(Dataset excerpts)
________________________________________

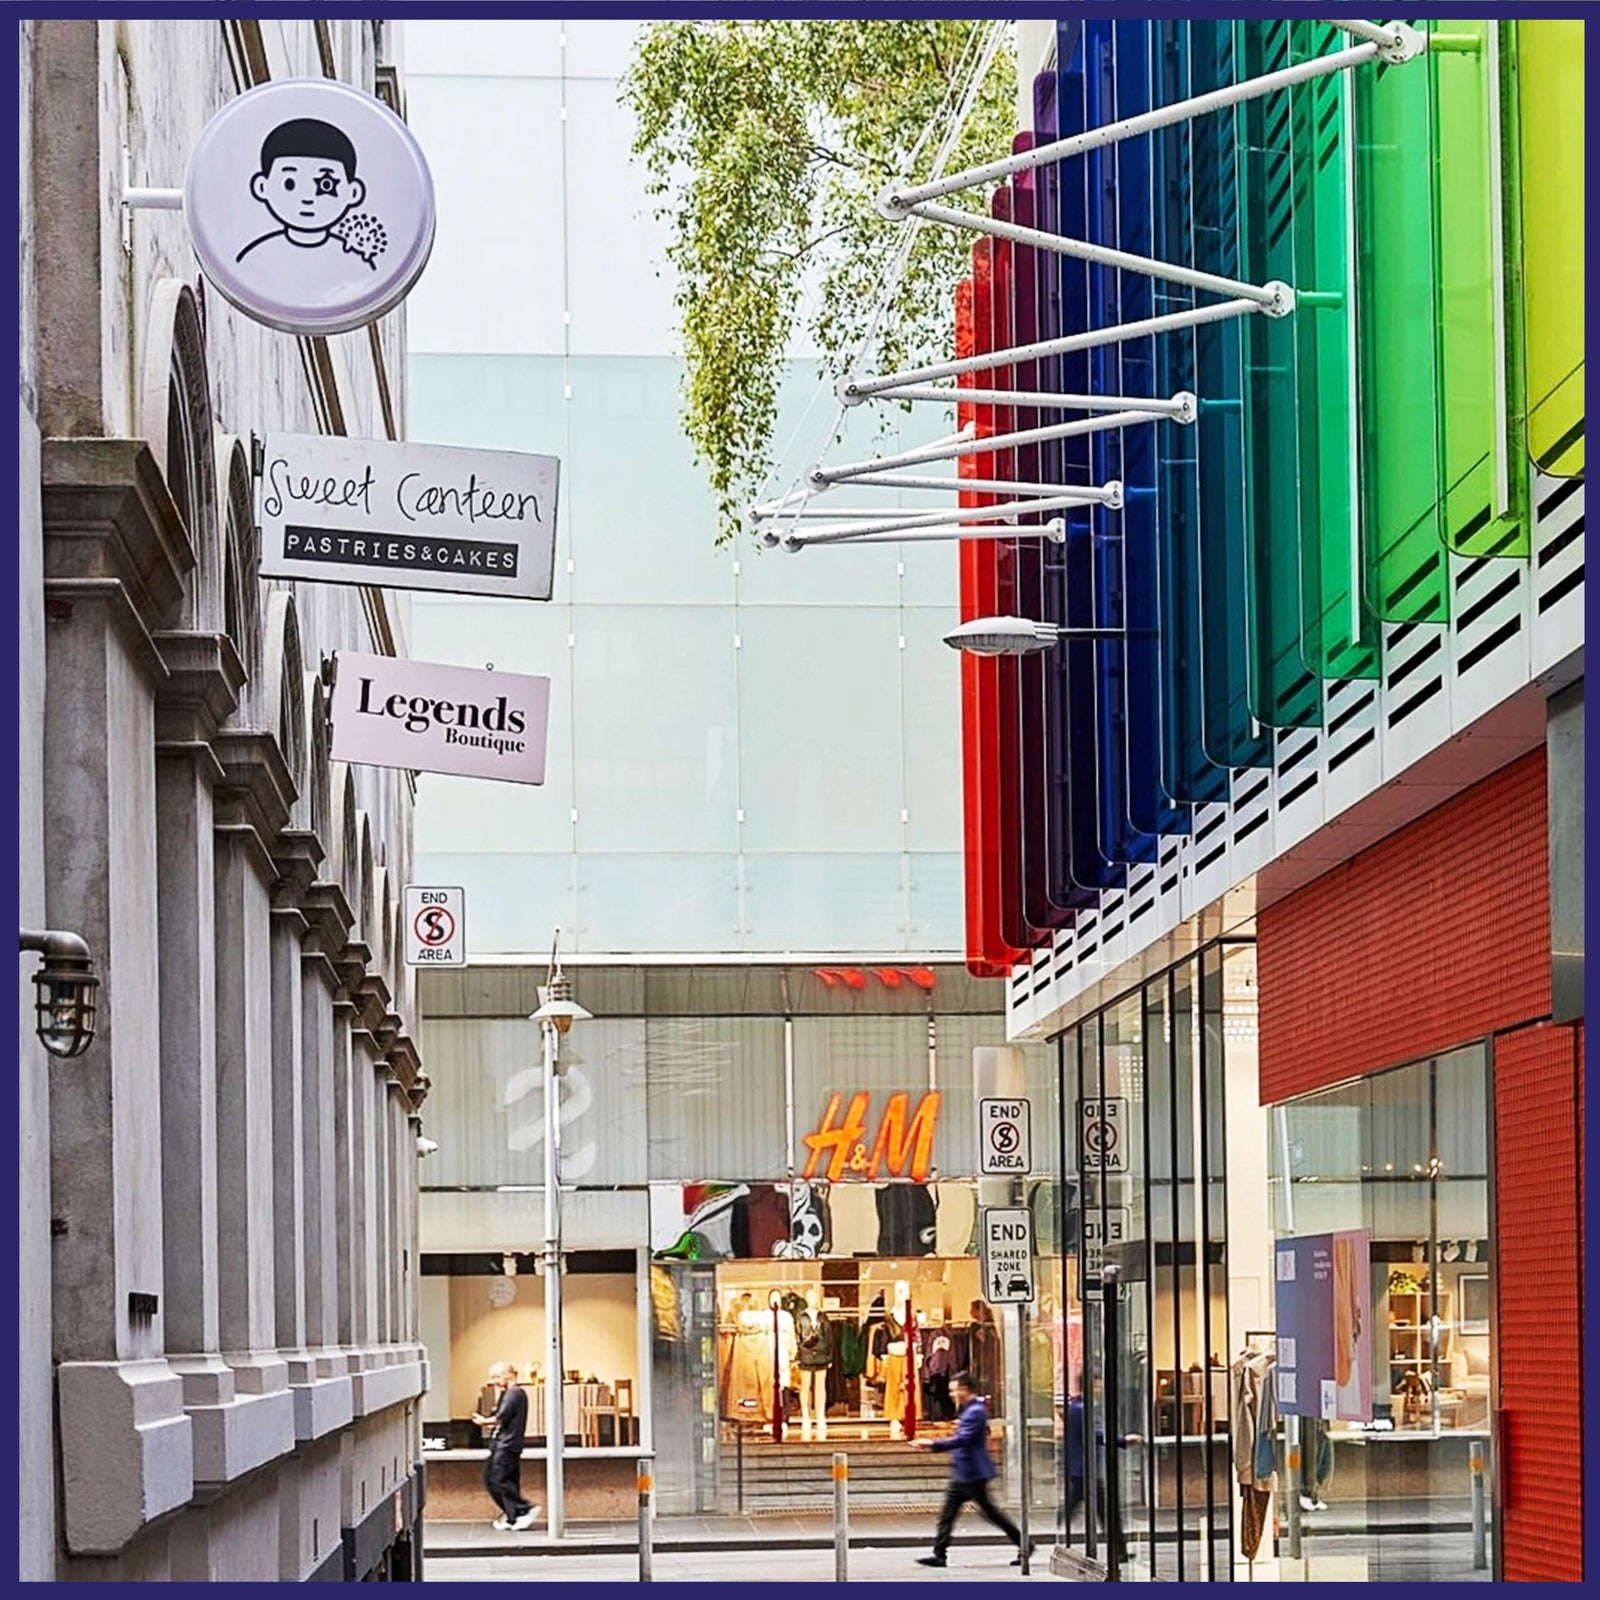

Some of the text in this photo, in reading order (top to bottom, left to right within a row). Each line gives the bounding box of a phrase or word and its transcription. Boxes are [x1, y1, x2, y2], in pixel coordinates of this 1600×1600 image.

[264, 459, 542, 523] Sweet Canteen
[287, 534, 515, 569] PASTRIES&CAKES
[356, 677, 526, 734] Legends
[445, 727, 526, 755] Boutique
[421, 892, 448, 904] END
[418, 948, 452, 960] AREA
[990, 1105, 1021, 1118] END
[803, 1090, 942, 1182] H&M
[989, 1155, 1024, 1168] AREA
[991, 1224, 1027, 1241] END
[990, 1250, 1028, 1260] SHARED
[997, 1261, 1022, 1272] ZONE
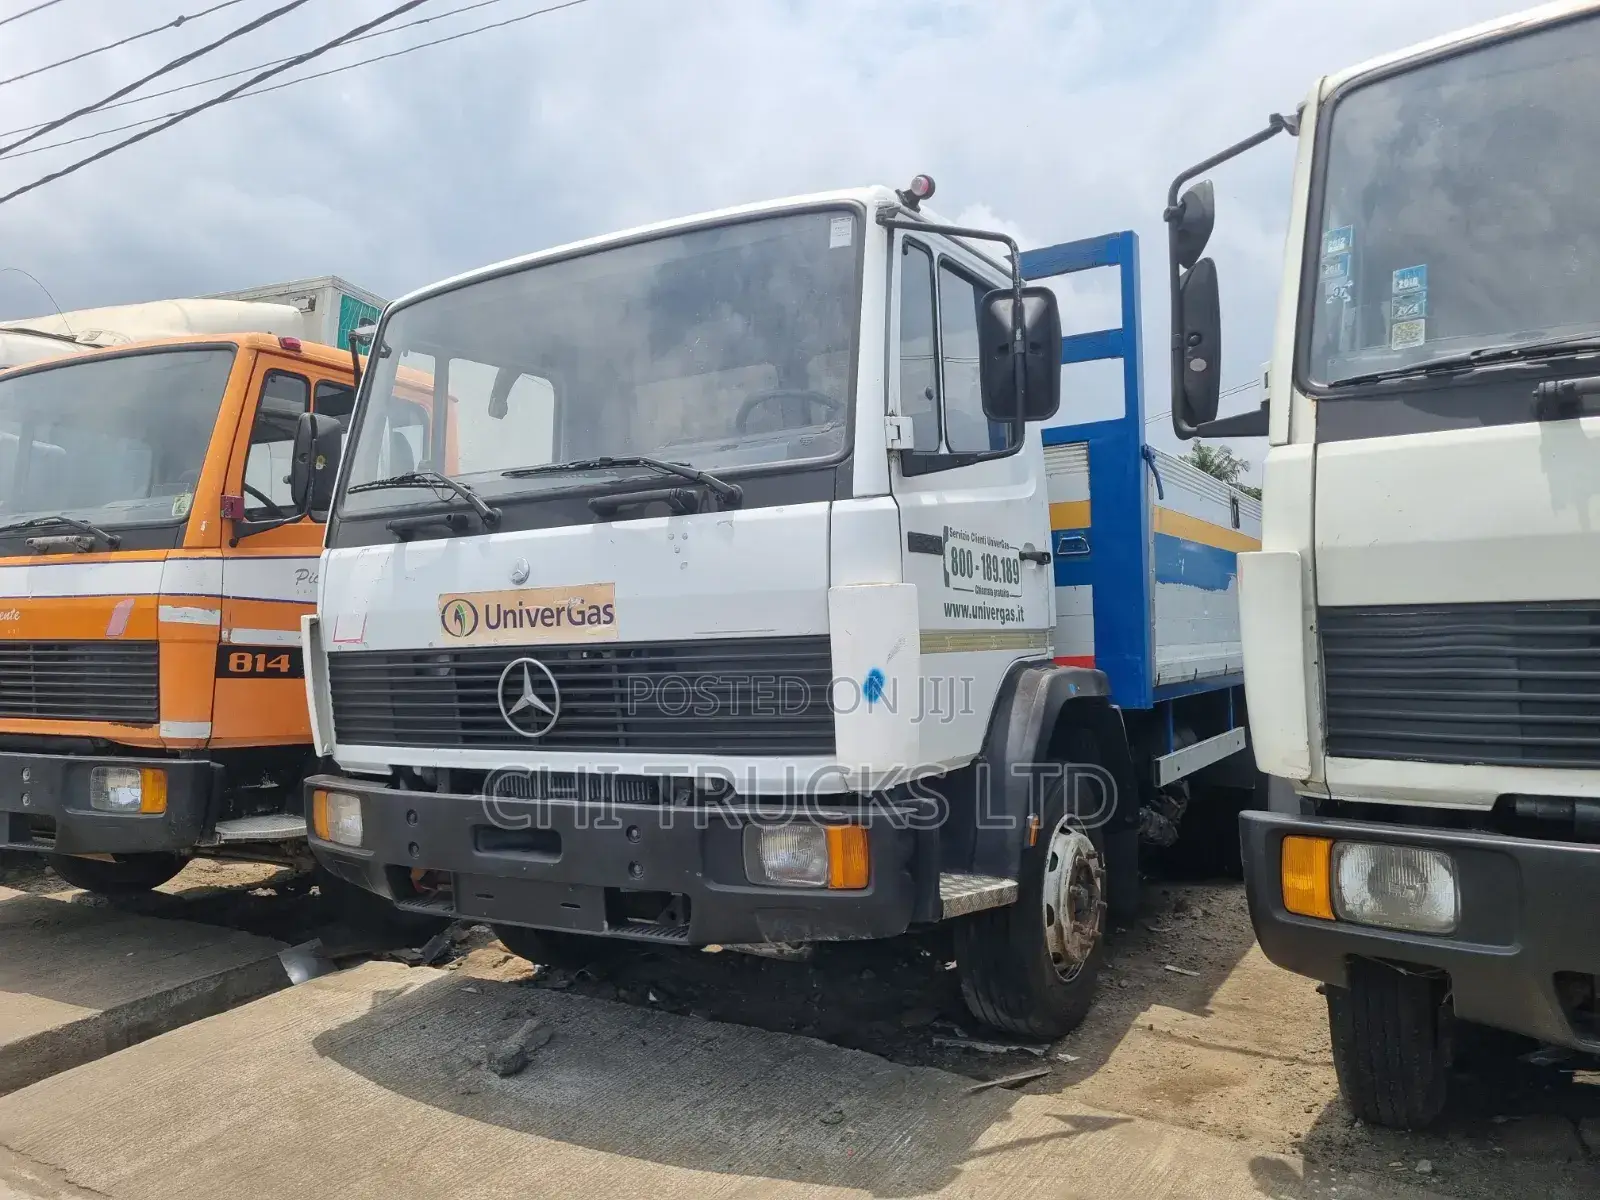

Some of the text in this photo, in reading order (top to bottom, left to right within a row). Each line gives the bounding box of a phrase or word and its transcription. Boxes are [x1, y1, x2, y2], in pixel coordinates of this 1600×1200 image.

________________________________________

- **REQUIRED ACTION**
Print each record exactly as it stands, omitting the pictures.

- **SOLUTION BELOW**
Some of the text in this photo, in reading order (top to bottom, left to right within a row). Each line gives the bounding box of a phrase or word and its transcription. Boxes are [x1, y1, x2, y2], in pixel coordinates of this 1600×1600 image.

[264, 459, 542, 523] Sweet Canteen
[287, 534, 515, 569] PASTRIES&CAKES
[356, 677, 526, 734] Legends
[445, 727, 526, 755] Boutique
[421, 892, 448, 904] END
[418, 948, 452, 960] AREA
[990, 1105, 1021, 1118] END
[803, 1090, 942, 1182] H&M
[989, 1155, 1024, 1168] AREA
[991, 1224, 1027, 1241] END
[990, 1250, 1028, 1260] SHARED
[997, 1261, 1022, 1272] ZONE

Some of the text in this photo, in reading order (top to bottom, left to right within a row). Each line gives the bounding box of a phrase or word and its transcription. Boxes are [x1, y1, x2, y2], in pixel coordinates of this 1600×1200 image.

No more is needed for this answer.